Unlike most of you, I find this announcement most exciting! If you have not worked with a Speedmaster 0.95, you do not know what you are missing. I consider these lenses to be far more interesting than the "safe, do-it-all" Canon glass. These lenses are not for everyone...and who says we should all be driving Camry's? If you lack the skill and patience to slow down and focus a lens, do not buy this lens. I purchased the 35mm 0.95 Speedmaster for the EOS M5, with the native EF-M mount. It's jaw dropping! Color, saturation, acuity and super shallow DOF, all in one lens. Wide open, it makes images you cannot make any other way...if you think it's soft, you do not know how to process images. Stopped down, the micro contrast and acuity makes anything I've put on the camera look downright flat and dull. The great thing about mirrorless is the ability to test apples and oranges on the same camera. I set up a test scene in my studio and had a 50mm shootout with 11 different brands and/or models of lenses, on the M5. Guess what? The Mitakon can out resolve and hold high frequency details that none of my other lenses could do. Upshot? I dumped my Sigma Art 35 & 50mm 1.4's. They were a joke compared to many other lenses in the high frequencies and whites. And they weren't even the sharpest. On the M5, I had better tones and equal acuity to the 50mm Apo-Summicron @ f4, by 3 different lenses. (I know the Leica glass is not designed for a Canon sensor) The Mitakon makes many modern lenses seem dull.
I do agree with other posters that it is odd that ZY Optics does not show the contacts on the back of the lens, however, this was spotted more as a prototype, and not a ready for the showroom product. ZY is one of but a handful of lens makers still using "leaded" glass. The lenses are notably heavier, but boy do they ever sparkle! ZY has chosen to make different paint brushes, for different effects, than the mainstream lens makers. I was highly doubtful that Speedmaster's were nothing more than junk. Have I been pleasantly amazed! It never leaves my M5 now. It's more than a one-trick-pony. I wish I had a FF Speedmaster for my 1Dx and my 5DsR. Fingers crossed I will, soon.


----------



## Admin US West (Mar 10, 2018)

ahsanford said:


> BeenThere said:
> 
> 
> > No electrical contacts, so totally manual including aperture setting.
> ...



Imagine what a Canon f/0.7 IS III would be like.


----------



## aceflibble (Mar 10, 2018)

It's interesting it appears to be a whole a new design, as the existing Sony 50/0.95 and the equivalent 35mm/0.95 for APS-C mirrorless systems already perform extremely well _considering the limitations of such a fast optic_. You can't open a lens up that far without sacrificing some technical quality, of course, but Mitakon capitalised on that by going for rendering rather than 'lab' quality, and the resulting lenses are really very good. (Especially the 35mm mark II; I bought Christopher Frost's copy off him and it's not been removed from the Fuji body I put it on since I got it.)
It's hard to imagine there is much more they could do to improve on the optical formula, and simply moving to the Canon mount doesn't _require_ new optics; they could have just stuck the Sony formula on the larger EF mount. I would guess that the larger front element and filter thread is to reduce vignetting, which is one of the few genuine faults of the existing designs, but that also makes the corners harder to master. Seems like a lot of work for a lens which I doubt anybody really expects to be a _technical_ A+ anyway.

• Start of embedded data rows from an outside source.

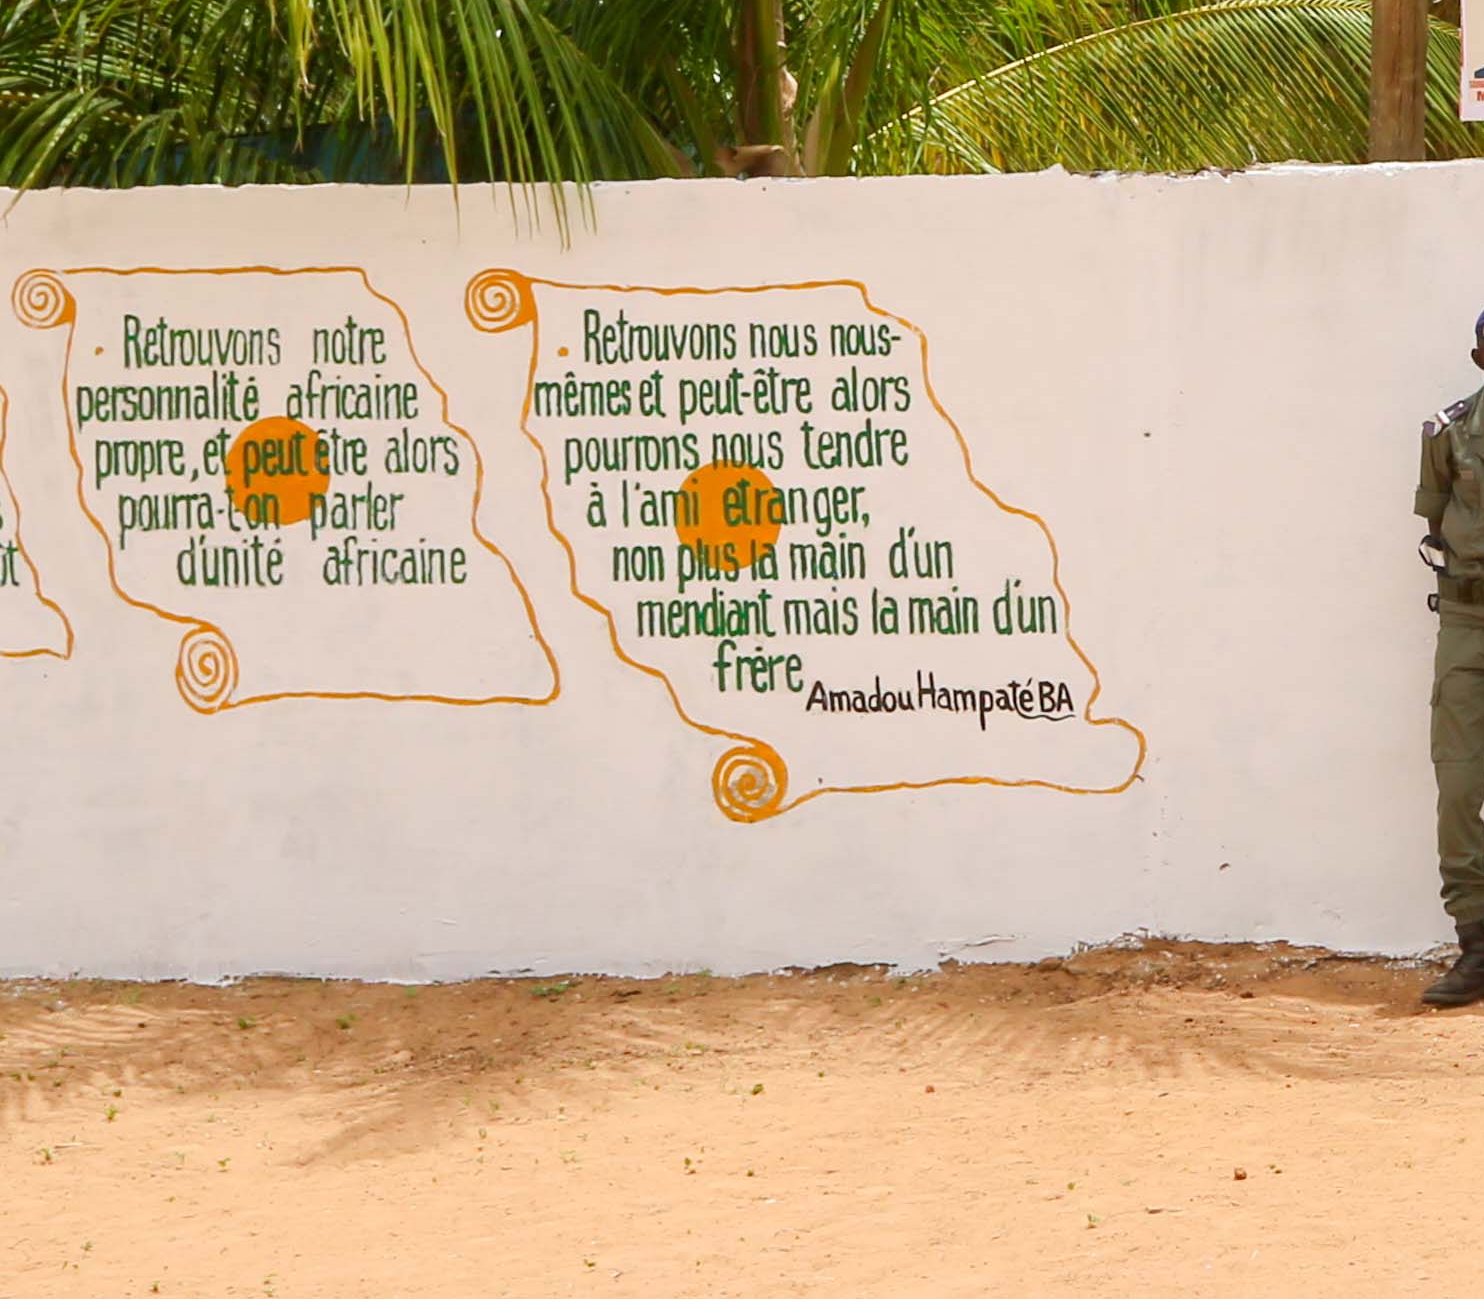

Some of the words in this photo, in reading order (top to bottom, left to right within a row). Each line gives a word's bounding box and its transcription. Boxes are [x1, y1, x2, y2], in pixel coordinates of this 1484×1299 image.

[123, 314, 280, 368] Retrouvons
[314, 316, 387, 365] notre
[583, 308, 737, 365] Retrouvons
[750, 323, 818, 359] nous
[831, 324, 900, 357] nous-
[76, 370, 260, 433] personnalité
[287, 369, 418, 420] africaine
[534, 371, 632, 417] mêmes
[639, 369, 666, 418] et
[679, 367, 815, 429] peut-être
[831, 366, 911, 413] alors
[203, 428, 231, 476] et
[242, 431, 308, 489] peut
[384, 427, 459, 476] alors
[565, 433, 700, 489] pourrons
[711, 430, 784, 471] nous
[801, 418, 909, 470] tendre
[310, 482, 403, 543] parler
[586, 482, 607, 528] à
[621, 479, 700, 528] l'ami
[323, 535, 467, 586] africaine
[613, 545, 665, 582] non
[677, 543, 740, 597] plus
[750, 543, 779, 581] la
[789, 529, 866, 581] main
[889, 526, 953, 578] d'un
[637, 583, 777, 643] mendiant
[782, 586, 860, 637] mais
[871, 588, 899, 635] la
[909, 585, 980, 635] main
[993, 579, 1057, 636] d'un
[803, 674, 916, 716] Amadou
[917, 669, 1034, 731] Hampaté
[1038, 680, 1075, 713] BA
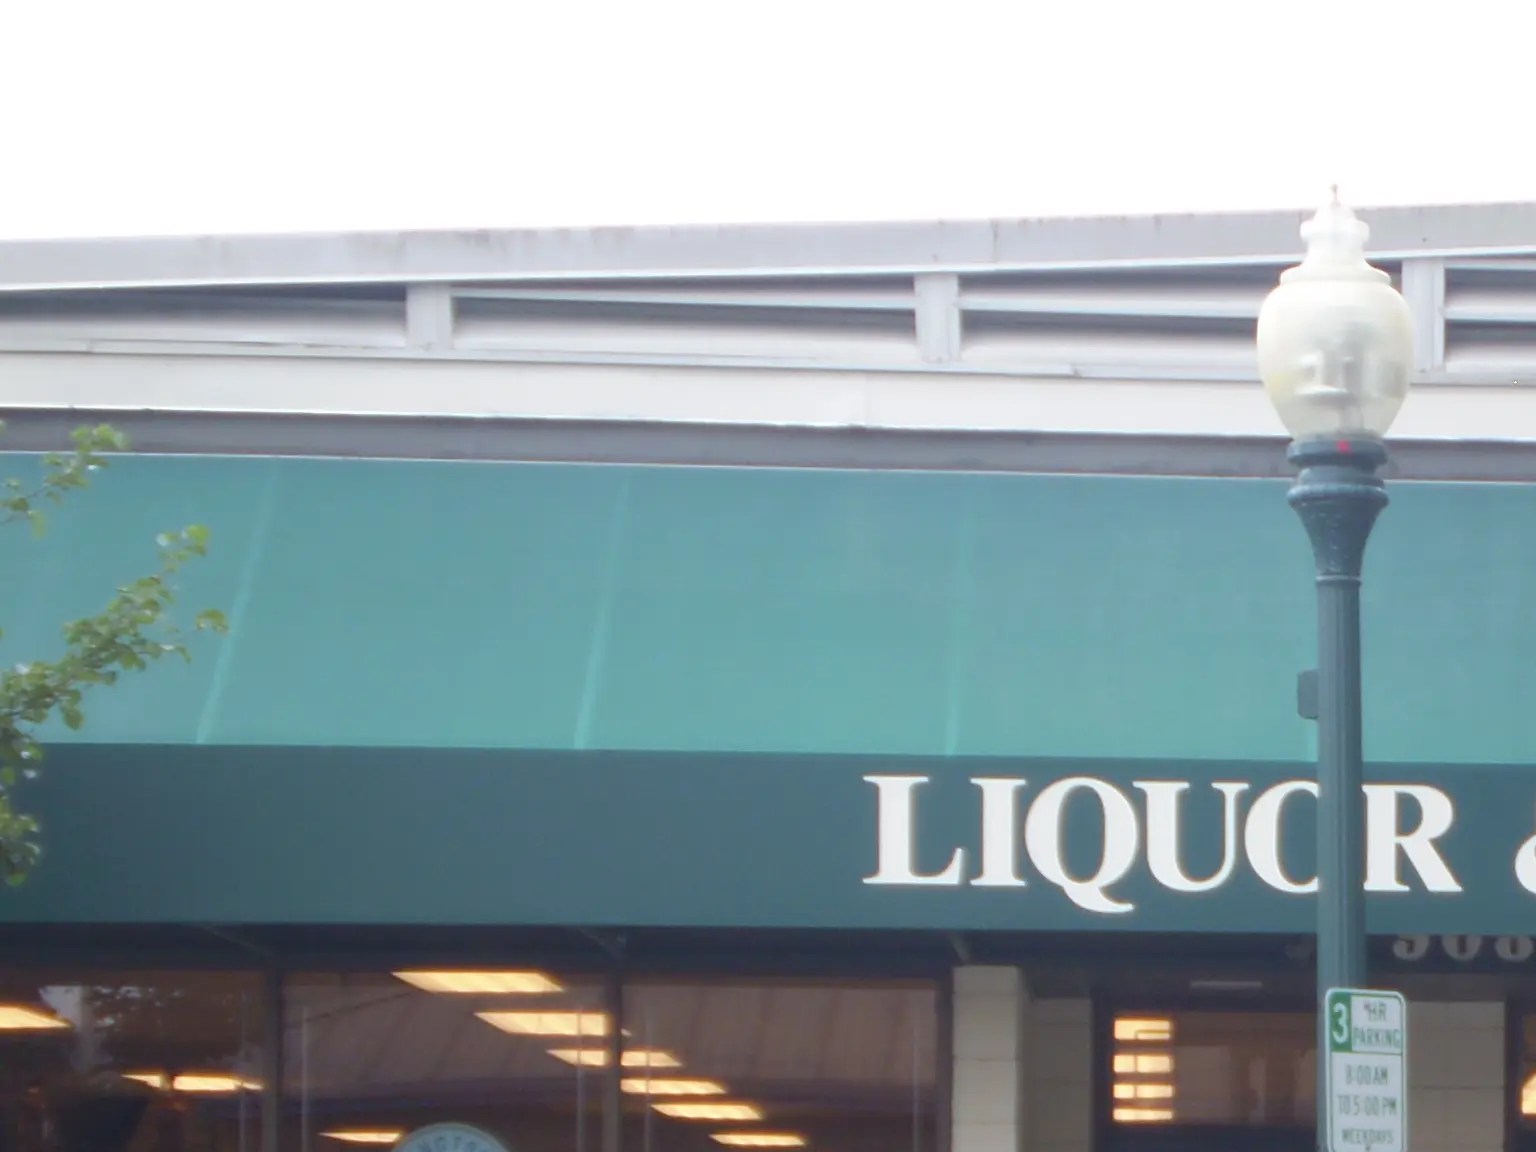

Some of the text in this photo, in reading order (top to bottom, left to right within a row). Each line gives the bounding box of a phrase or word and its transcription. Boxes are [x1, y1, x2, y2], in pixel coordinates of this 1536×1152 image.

[862, 775, 1464, 912] LIQUOR
[1332, 1002, 1387, 1044] 3 HR
[1353, 1026, 1401, 1050] PARKING
[1342, 1128, 1394, 1145] WEEKDAYS
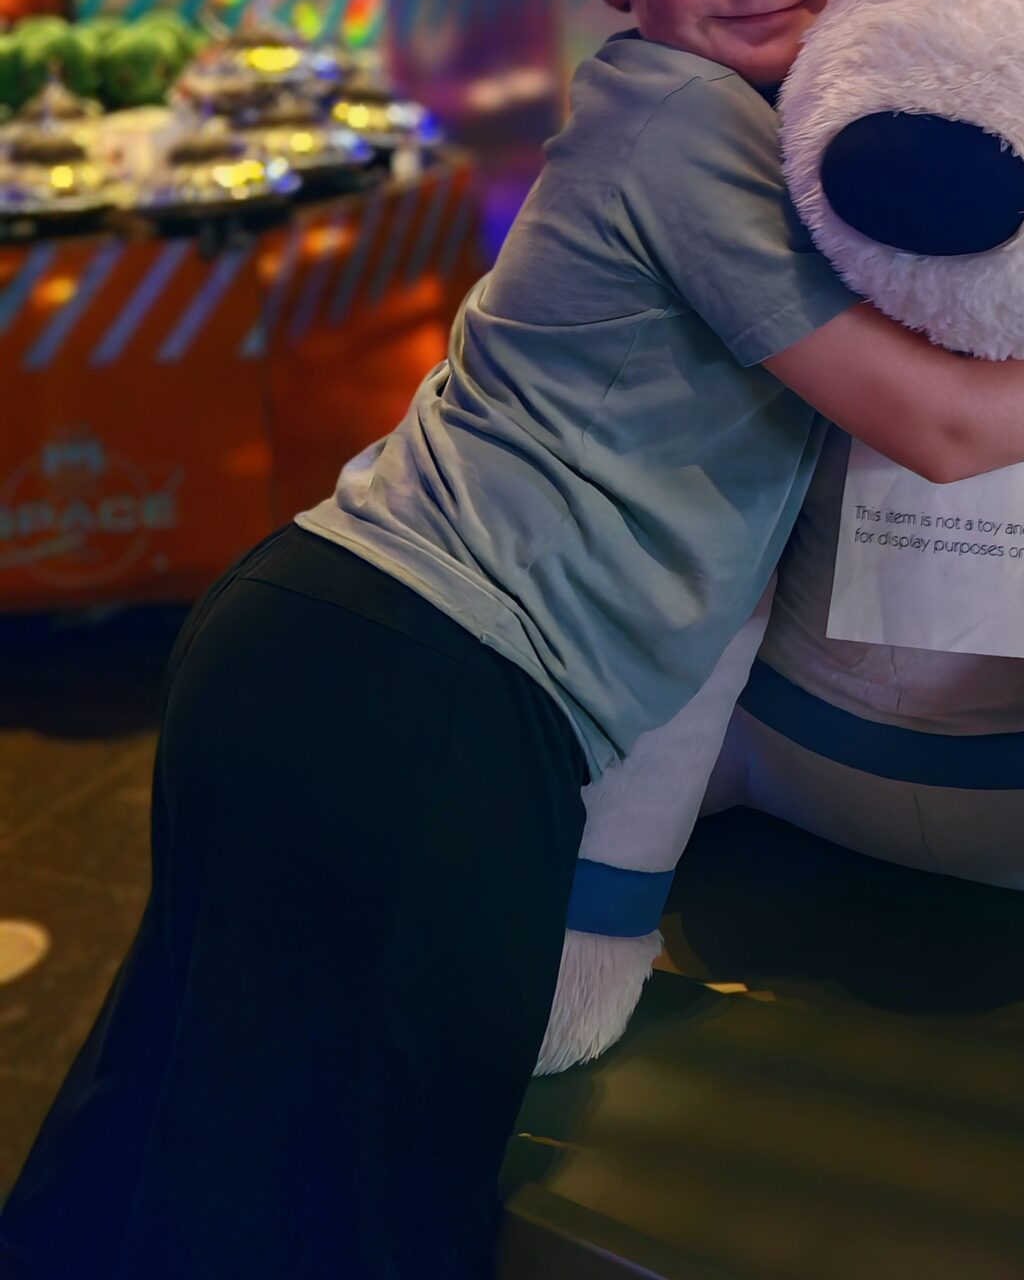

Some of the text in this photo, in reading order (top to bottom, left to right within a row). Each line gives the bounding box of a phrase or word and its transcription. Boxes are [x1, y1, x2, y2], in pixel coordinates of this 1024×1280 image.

[856, 505, 881, 522] This
[886, 509, 916, 525] item
[920, 512, 932, 527] is
[936, 516, 961, 529] not
[964, 519, 973, 531] a
[978, 519, 1003, 536] toy
[855, 528, 875, 543] for
[878, 531, 931, 552] display
[933, 540, 1004, 557] purposes
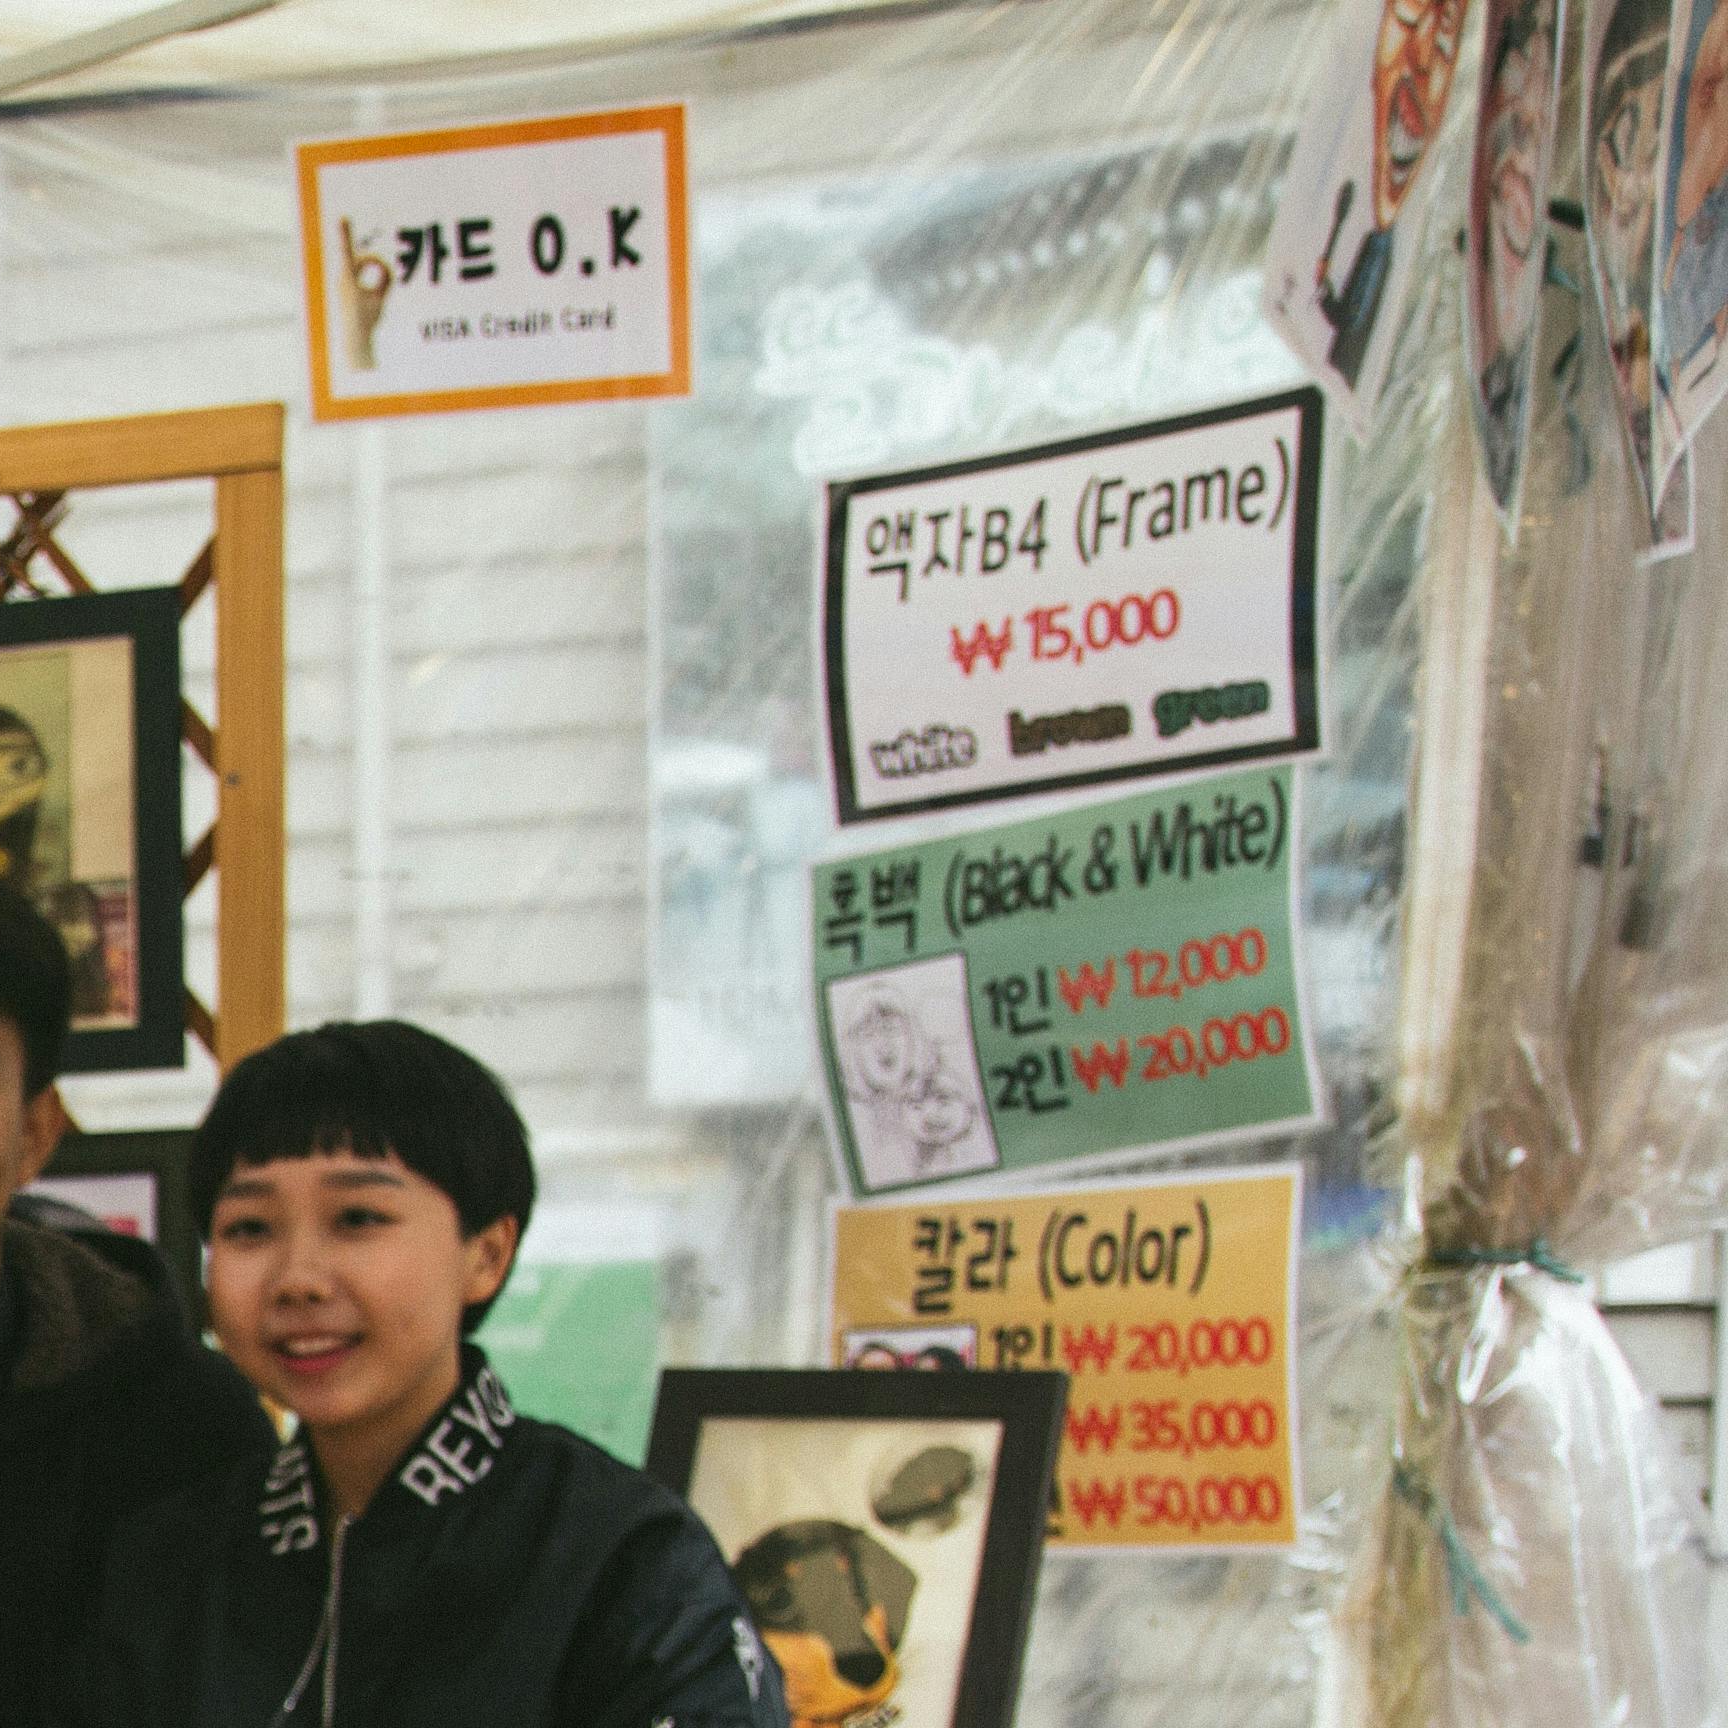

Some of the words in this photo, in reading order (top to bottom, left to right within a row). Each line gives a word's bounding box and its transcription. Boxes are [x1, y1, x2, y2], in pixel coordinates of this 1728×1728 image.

[396, 216, 496, 285] 카드
[530, 204, 641, 277] O.K
[865, 497, 1049, 605] 액자B4
[1074, 436, 1290, 565] (Frame)
[869, 722, 978, 778] white
[824, 857, 921, 964] 흑백
[1082, 823, 1117, 896] &
[982, 966, 1052, 1037] 1인
[990, 1047, 1071, 1114] 2인
[1037, 1199, 1212, 1302] (Color)

For what it's worth, though yes these lenses are manual focus only and f/0.95 may seem daunting at first, it's really not _that_ much different from focusing an f/1.4 lens (you get diminishing returns on apertures after f/1.6, so f/1.4 to f/0.95 is only really about half a stop difference in terms of both depth of field and light gathering) and the other Mitakon lenses' focus rings are nearly perfect; the only manual lenses I've used with better focus rings are the top Zeiss lenses and the Samyang XP 85mm, and those are only _slightly_ ahead of the Mitakon 50 and 35. They are _far_ better for manual focus than any Canon, Nikon, Sony, Sigma, or Tamron lens.

Of course, this lens could turn out to be a huge mess, we don't know, but at least on paper and given how the current similar Mitakons have turned out, this is a lens that 50mm prime fans should be every excited for.



ahsanford said:


> But please educate me for a moment here, as this phenomenon was unknown to me until the 85 f/1.4L IS was released. The D-shaped bokeh is less about the rear baffle and more about the sheer wide open aperture actual size being bigger than the mirror box, right? What in particular does the baffle have to do with this?


It's the mirror box. The rectangular shield on the back of this lens is actually to combat flare. Several Canon FD and early EF lenses also use this, and it does not interfere with the rendering of out of focus areas, as they are engineered so the image circle coming out is still more than large enough (and round).

The reason that cutting shapes out of card and the camera's own mirror box can interfere with the rendering is because they are blocking out light from the image circle. This shielding doesn't, or, at least, _shouldn't_.

But as you're well aware,_ the mirrorbox of Canons will clip the image circle anyway, so it's basically irrelevant_. The only way to get a lens faster than f/1.4 on a Canon _without_ the mirrorbox clipping would be to move to a shorter focal length, something like 22mm or so if my rough, late-night maths is correct. 22/0.95 results in an aperture half the size of 50/0.95, and that should be able to _just about_ project an image circle _just_ escaping the mirrorbox. (Though the angle the edges would come in at would be so broad, I'd expect the corner quality to be shockingly bad.)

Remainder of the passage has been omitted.